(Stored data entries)
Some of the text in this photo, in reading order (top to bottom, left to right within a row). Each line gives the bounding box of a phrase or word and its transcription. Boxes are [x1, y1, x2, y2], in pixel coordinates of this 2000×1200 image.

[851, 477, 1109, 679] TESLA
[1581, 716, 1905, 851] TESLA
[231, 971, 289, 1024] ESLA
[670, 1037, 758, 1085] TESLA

**Exercise**: Output the entire data exactly, line for line.

**Answer below**:
Some of the text in this photo, in reading order (top to bottom, left to right within a row). Each line gives the bounding box of a phrase or word and its transcription. Boxes are [x1, y1, x2, y2], in pixel coordinates of this 2000×1200 image.

[851, 477, 1109, 679] TESLA
[1581, 716, 1905, 851] TESLA
[231, 971, 289, 1024] ESLA
[670, 1037, 758, 1085] TESLA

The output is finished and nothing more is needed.